Rosa aprovechó de echar un vistazo al taller de su fallido padre adoptivo;
un auténtico horror vacui de relojes
de cuco, muñecas, marionetas y artilugios varios. El único producto que parecía
venderse bien era la línea de figuras y accesorios de las Tres Hadas (de las
cuales la Zafiro
estaba agotada, como anunciaba un cartel junto a la entrada); el resto
seguirían acumulando polvo hasta que los videojuegos dejasen de estar de moda –cosa
poco probable– o hasta que el Titiritero se los vendiera a precio de saldo al
misterioso protector de los huérfanos heliopolitanos.
La chica siempre se preguntó de dónde procedían aquellos regalos que todos
los años le dejaban en Navidad junto a la puerta de su habitación, y ahora
podía confirmar su sospecha de que era Klaus: en la tienda encontró una muñeca
idéntica a la que recibió hacía siete años, un radio-despertador que sólo se
diferenciaba en el color del que tenía en la mesilla de noche, y un joyero
tallado en madera que estaba tan vacío como el suyo, tras vender sus únicos
pendientes para financiar esta desquiciada travesura.
La
Cenicero
interrumpió los pensamientos de Rosa con el zapateo de su pie, pues estaba a la
espera de las noticias que aquella repelente chica le traía sobre su novio.
–Está bien, lo diré sin dar rodeos: Sapito te está engañando.
–¿Cómo te atreves a decir algo así sobre mi novio? ¿Además, quién eres tú
para…?
Rosa calló a la Ceni
enseñándole el teléfono con la foto de Iván y Azul besándose. No le apetecía perder más tiempo
en ese sitio que apestaba a barniz y la ponía enferma.
–Está algo borrosa, pero ahí tienes a Sapito y a tu mejor amiga besándose.
–¿De dónde la has sacado? –La
Cenicero se derrumbó sobre el mostrador al decirlo.

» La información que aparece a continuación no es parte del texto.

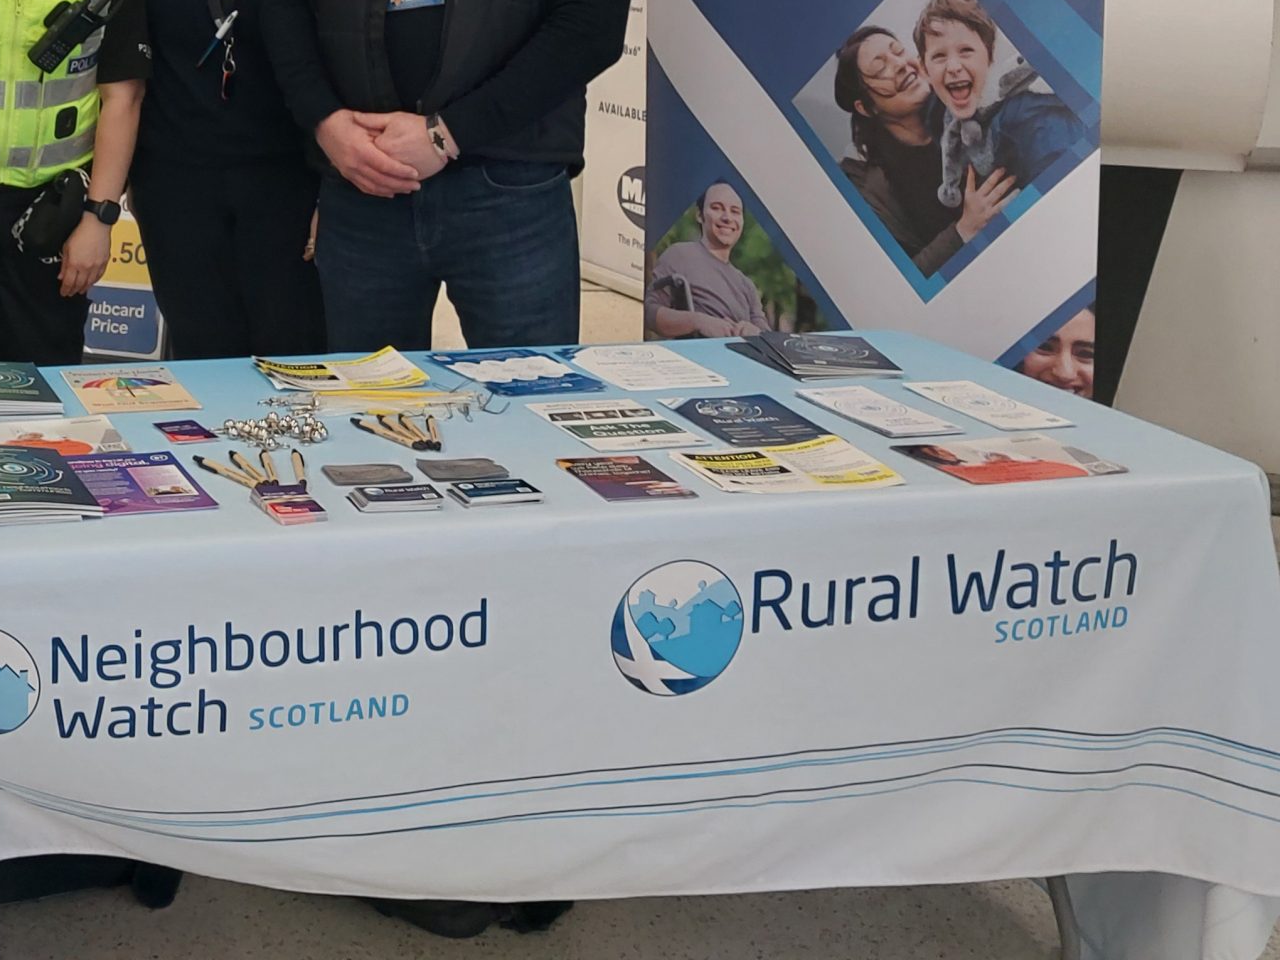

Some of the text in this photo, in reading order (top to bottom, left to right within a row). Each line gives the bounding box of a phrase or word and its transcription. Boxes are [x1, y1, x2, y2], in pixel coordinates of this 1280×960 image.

–Tomé la foto ayer, de madrugada, aunque han repetido el mismo espectáculo
durante semanas. ¡En fin, querrás echarte a llorar, maldecir y todo eso! Yo me
voy; mi trabajo aquí está hecho. Vamos, devuélveme el teléfono…
La Ceni obedeció con los ojos llenos de lágrimas y despojada
de toda voluntad; se arrodilló en el suelo y encorvó el cuerpo como un animal
herido y asustado. A Rosa no le convenía que aquel duelo repentino derribase a
su mejor aliada en la venganza contra el Hada Azul e Iván, así que la espoleó
un poco más antes de salir del local.
–Se han reído de ti y te han vuelto a utilizar de cenicero. ¿Acaso sabes
dónde está tu Sapito en estos momentos? Por lo que sé, su familia dará esta
noche una gran fiesta... Seguramente aproveche lo que queda de tarde con
Azul. El muy cerdo, ¡ni siquiera pudo engañarte con un Hada de verdad!
Rosa forzó la
risa para parecer aún más malvada, y se fue dando saltitos hacia la última
estación de su venganza. Como en aquella historia de una chica que va al bosque
a visitar a su abuelita y descubre que la espera un lobo… Sólo que en este caso
es la abuela quien espera a un lobo disfrazado de niña.